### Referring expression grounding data
# # # # # # #

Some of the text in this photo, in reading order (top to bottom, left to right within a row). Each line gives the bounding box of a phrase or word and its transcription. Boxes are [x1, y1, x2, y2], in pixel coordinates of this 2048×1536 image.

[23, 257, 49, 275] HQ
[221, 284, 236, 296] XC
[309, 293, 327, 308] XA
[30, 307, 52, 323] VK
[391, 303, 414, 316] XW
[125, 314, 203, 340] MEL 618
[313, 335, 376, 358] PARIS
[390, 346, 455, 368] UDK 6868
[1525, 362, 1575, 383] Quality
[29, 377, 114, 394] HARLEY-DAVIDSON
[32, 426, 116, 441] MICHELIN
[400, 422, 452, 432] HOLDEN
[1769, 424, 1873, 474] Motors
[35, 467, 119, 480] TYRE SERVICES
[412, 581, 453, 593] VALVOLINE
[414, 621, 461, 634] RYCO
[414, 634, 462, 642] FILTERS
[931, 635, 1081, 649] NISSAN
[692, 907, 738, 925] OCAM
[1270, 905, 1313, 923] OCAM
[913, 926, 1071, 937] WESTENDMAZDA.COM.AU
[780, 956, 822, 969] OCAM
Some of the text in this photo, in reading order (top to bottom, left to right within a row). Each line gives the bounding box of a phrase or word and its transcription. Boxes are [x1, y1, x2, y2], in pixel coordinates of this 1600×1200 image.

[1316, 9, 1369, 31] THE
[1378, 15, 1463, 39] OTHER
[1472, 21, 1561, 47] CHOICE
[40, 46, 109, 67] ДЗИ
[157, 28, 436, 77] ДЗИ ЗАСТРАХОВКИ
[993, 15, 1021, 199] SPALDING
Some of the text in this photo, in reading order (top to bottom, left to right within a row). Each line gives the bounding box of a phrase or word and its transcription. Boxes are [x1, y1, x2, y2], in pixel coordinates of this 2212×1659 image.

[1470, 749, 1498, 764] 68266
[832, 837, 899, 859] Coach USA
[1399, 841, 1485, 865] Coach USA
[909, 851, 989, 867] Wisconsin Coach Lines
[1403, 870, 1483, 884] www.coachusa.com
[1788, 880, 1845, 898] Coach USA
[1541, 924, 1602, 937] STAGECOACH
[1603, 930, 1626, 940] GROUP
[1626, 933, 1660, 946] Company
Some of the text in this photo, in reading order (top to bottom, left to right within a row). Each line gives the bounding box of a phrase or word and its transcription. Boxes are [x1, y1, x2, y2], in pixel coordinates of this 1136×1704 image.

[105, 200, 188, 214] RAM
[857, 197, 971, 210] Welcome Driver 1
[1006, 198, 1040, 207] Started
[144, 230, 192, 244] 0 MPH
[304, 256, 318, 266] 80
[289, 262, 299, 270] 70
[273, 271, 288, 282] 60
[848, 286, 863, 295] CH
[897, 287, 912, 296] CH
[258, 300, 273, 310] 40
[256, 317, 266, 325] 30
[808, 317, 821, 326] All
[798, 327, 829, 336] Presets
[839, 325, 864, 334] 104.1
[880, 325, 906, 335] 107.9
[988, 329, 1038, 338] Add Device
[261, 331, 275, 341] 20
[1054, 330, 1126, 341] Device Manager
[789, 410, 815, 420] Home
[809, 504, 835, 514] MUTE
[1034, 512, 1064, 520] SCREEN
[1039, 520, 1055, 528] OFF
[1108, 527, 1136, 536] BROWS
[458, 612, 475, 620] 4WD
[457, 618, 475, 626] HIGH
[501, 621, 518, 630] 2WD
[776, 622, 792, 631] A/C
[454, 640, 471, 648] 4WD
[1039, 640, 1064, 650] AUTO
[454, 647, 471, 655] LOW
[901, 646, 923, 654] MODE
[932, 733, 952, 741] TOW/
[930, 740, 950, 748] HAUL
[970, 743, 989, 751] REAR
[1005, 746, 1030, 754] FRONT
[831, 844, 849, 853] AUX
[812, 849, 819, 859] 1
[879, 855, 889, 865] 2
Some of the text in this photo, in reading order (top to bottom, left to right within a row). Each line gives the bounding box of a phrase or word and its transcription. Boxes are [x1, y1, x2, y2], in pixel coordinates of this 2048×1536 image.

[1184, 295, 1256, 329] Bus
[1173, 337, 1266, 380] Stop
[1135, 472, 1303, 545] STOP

# # # # # # #

### Exercise description
Starting at the first line and ending at the last, retype the entries above.

### Output for this exercise
Some of the text in this photo, in reading order (top to bottom, left to right within a row). Each line gives the bounding box of a phrase or word and its transcription. Boxes are [x1, y1, x2, y2], in pixel coordinates of this 2048×1536 image.

[23, 257, 49, 275] HQ
[221, 284, 236, 296] XC
[309, 293, 327, 308] XA
[30, 307, 52, 323] VK
[391, 303, 414, 316] XW
[125, 314, 203, 340] MEL 618
[313, 335, 376, 358] PARIS
[390, 346, 455, 368] UDK 6868
[1525, 362, 1575, 383] Quality
[29, 377, 114, 394] HARLEY-DAVIDSON
[32, 426, 116, 441] MICHELIN
[400, 422, 452, 432] HOLDEN
[1769, 424, 1873, 474] Motors
[35, 467, 119, 480] TYRE SERVICES
[412, 581, 453, 593] VALVOLINE
[414, 621, 461, 634] RYCO
[414, 634, 462, 642] FILTERS
[931, 635, 1081, 649] NISSAN
[692, 907, 738, 925] OCAM
[1270, 905, 1313, 923] OCAM
[913, 926, 1071, 937] WESTENDMAZDA.COM.AU
[780, 956, 822, 969] OCAM
Some of the text in this photo, in reading order (top to bottom, left to right within a row). Each line gives the bounding box of a phrase or word and its transcription. Boxes are [x1, y1, x2, y2], in pixel coordinates of this 1600×1200 image.

[1316, 9, 1369, 31] THE
[1378, 15, 1463, 39] OTHER
[1472, 21, 1561, 47] CHOICE
[40, 46, 109, 67] ДЗИ
[157, 28, 436, 77] ДЗИ ЗАСТРАХОВКИ
[993, 15, 1021, 199] SPALDING
Some of the text in this photo, in reading order (top to bottom, left to right within a row). Each line gives the bounding box of a phrase or word and its transcription. Boxes are [x1, y1, x2, y2], in pixel coordinates of this 2212×1659 image.

[1470, 749, 1498, 764] 68266
[832, 837, 899, 859] Coach USA
[1399, 841, 1485, 865] Coach USA
[909, 851, 989, 867] Wisconsin Coach Lines
[1403, 870, 1483, 884] www.coachusa.com
[1788, 880, 1845, 898] Coach USA
[1541, 924, 1602, 937] STAGECOACH
[1603, 930, 1626, 940] GROUP
[1626, 933, 1660, 946] Company
Some of the text in this photo, in reading order (top to bottom, left to right within a row). Each line gives the bounding box of a phrase or word and its transcription. Boxes are [x1, y1, x2, y2], in pixel coordinates of this 1136×1704 image.

[105, 200, 188, 214] RAM
[857, 197, 971, 210] Welcome Driver 1
[1006, 198, 1040, 207] Started
[144, 230, 192, 244] 0 MPH
[304, 256, 318, 266] 80
[289, 262, 299, 270] 70
[273, 271, 288, 282] 60
[848, 286, 863, 295] CH
[897, 287, 912, 296] CH
[258, 300, 273, 310] 40
[256, 317, 266, 325] 30
[808, 317, 821, 326] All
[798, 327, 829, 336] Presets
[839, 325, 864, 334] 104.1
[880, 325, 906, 335] 107.9
[988, 329, 1038, 338] Add Device
[261, 331, 275, 341] 20
[1054, 330, 1126, 341] Device Manager
[789, 410, 815, 420] Home
[809, 504, 835, 514] MUTE
[1034, 512, 1064, 520] SCREEN
[1039, 520, 1055, 528] OFF
[1108, 527, 1136, 536] BROWS
[458, 612, 475, 620] 4WD
[457, 618, 475, 626] HIGH
[501, 621, 518, 630] 2WD
[776, 622, 792, 631] A/C
[454, 640, 471, 648] 4WD
[1039, 640, 1064, 650] AUTO
[454, 647, 471, 655] LOW
[901, 646, 923, 654] MODE
[932, 733, 952, 741] TOW/
[930, 740, 950, 748] HAUL
[970, 743, 989, 751] REAR
[1005, 746, 1030, 754] FRONT
[831, 844, 849, 853] AUX
[812, 849, 819, 859] 1
[879, 855, 889, 865] 2
Some of the text in this photo, in reading order (top to bottom, left to right within a row). Each line gives the bounding box of a phrase or word and its transcription. Boxes are [x1, y1, x2, y2], in pixel coordinates of this 2048×1536 image.

[1184, 295, 1256, 329] Bus
[1173, 337, 1266, 380] Stop
[1135, 472, 1303, 545] STOP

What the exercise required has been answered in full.